4 ways millennials’ preferences are redefining offices
As millennials become increasingly prominent in corporations’ influential leadership roles, the preference of young workers for urban and creative office space is driving a reconsideration and renovation of offices. Millennials’ general lack of enthusiasm for the conventional office is evidenced by their demand for flexible jobs with telecommuting options and the nationwide proliferation of innovative co-working alternatives. Companies looking to reinvigorate their offices to attract, retain and inspire top talent are following the leads of explosively growing tech companies, integrating fun design features. At the same time, developers and property managers are implementing WeWork-style programming and building-wide amenities. As millennial workers exert their influence, these are the four most noteworthy trends on the horizon for offices.
Offices become open, fun and flexible
The way technology has altered how information is stored and accessed has freed up office space and combined with enhanced virtual communication to make employees’ physical presence in the office less essential. “Because everything is electronically housed on servers, you don’t need the storage space you did before with file rooms and cabinets for documents,” RSM principal Michael Schwartz said.
Now, storage spaces can be repurposed for expanded kitchens, breakout and conference rooms or even game and leisure space that foster interaction and collaboration. Many conventional tenants are mimicking disruptors and redesigning spaces with open floor plans, demountable walls and recreational space.
Tenants prioritize proximity to transit and housing
“We’ve seen that in Chicago, people used to want to be by the lake, but now they want to be by the transportation, to get close to the 'L,'” Schwartz said. This is an inversion from previous generations, when proximity to rails was a detriment to a building’s appeal and the rents it commanded. Millennials are also triggering a reversal of historical migration patterns as an increasing number go carless and favor a live-work marriage in urban communities. “You’re seeing a lot of new developments in the West Loop of residential and office,” Schwartz said.

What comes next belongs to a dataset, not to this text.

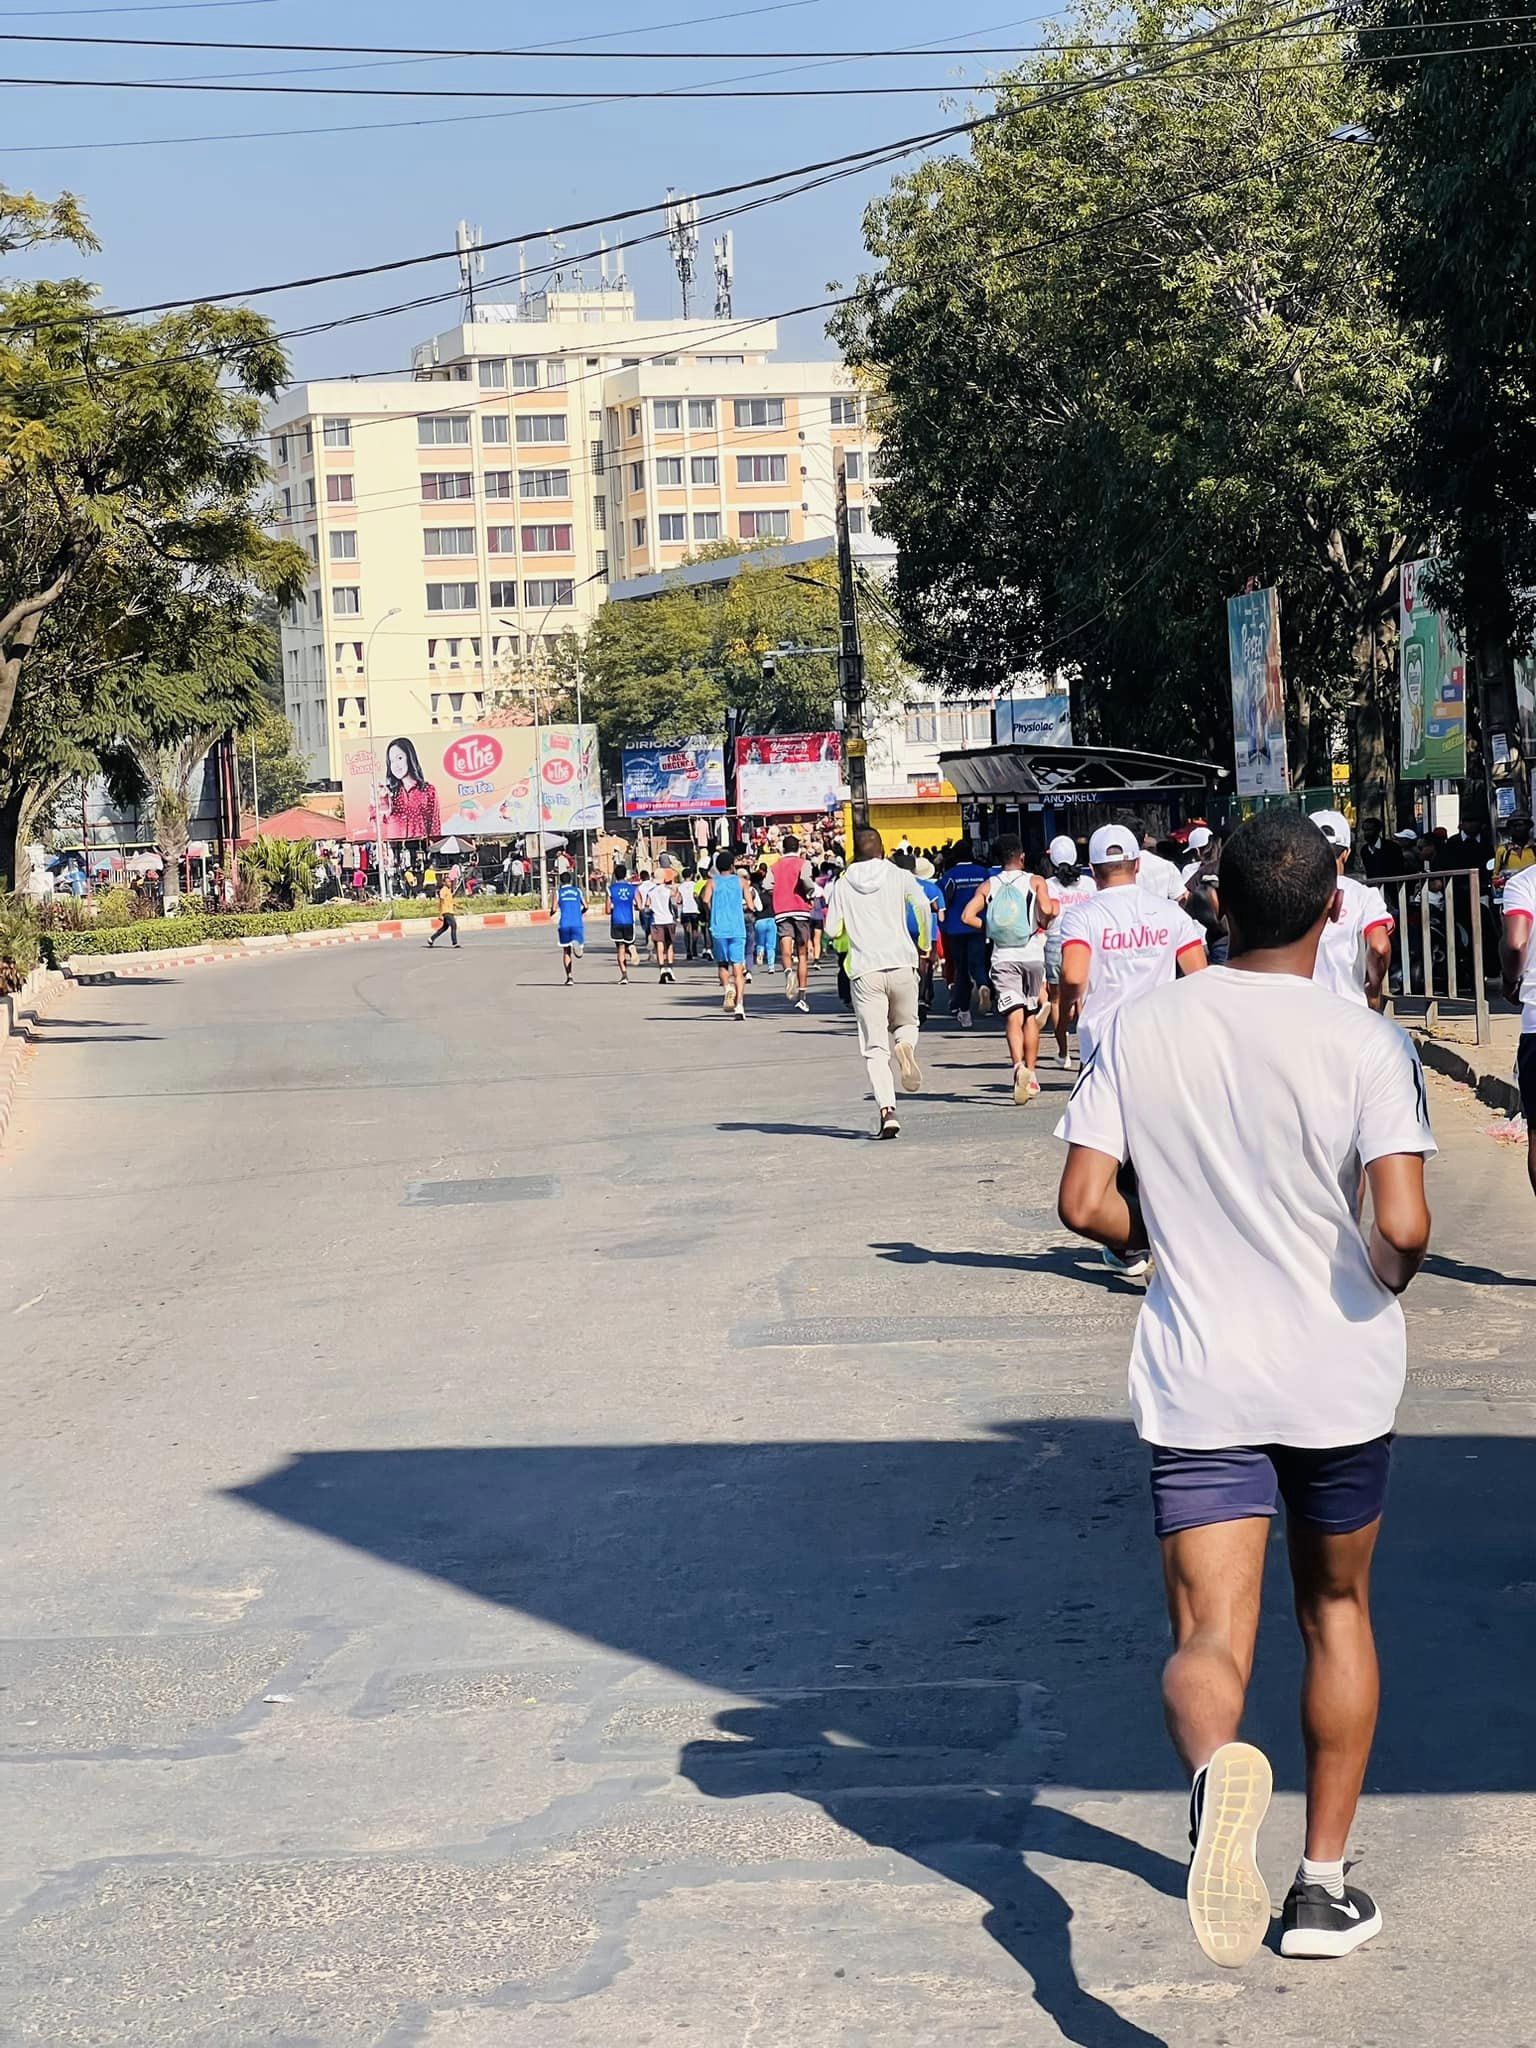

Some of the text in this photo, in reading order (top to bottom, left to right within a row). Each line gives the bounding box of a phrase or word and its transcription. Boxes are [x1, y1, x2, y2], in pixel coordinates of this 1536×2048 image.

Suburban office complexes struggle
Isolated or remote suburban offices are having difficulty modernizing to reposition themselves. They typically have low millennial appeal, and a single anchor tenant’s decision to vacate and relocate to the central business district can have a devastating impact on a property’s bottom line. “For suburban offices, where you have to hop into your car, those can be very problematic these days,” Schwartz said. “In Chicago, McDonald's is moving into the city, and the McDonald's University out in Oak Brook is going to leave a giant hole. Similarly, United Airlines years ago moved from Elk Grove Village; so suburban office complexes are really going to hurt.”
Another shift is from large, expansive footprints with numerous private offices to highly amenitized, condensed, collaborative space, which means companies can lower their rent expense even when headcounts are stable or growing. “For RSM specifically, being a national accounting firm with 100 offices in 65 or so cities, we’re seeing a downsizing of space in many areas,” Schwartz said. “We recently announced a new lease in our New York office, where we’re downsizing from 140,000 square feet (SF) to about 93,000 SF.”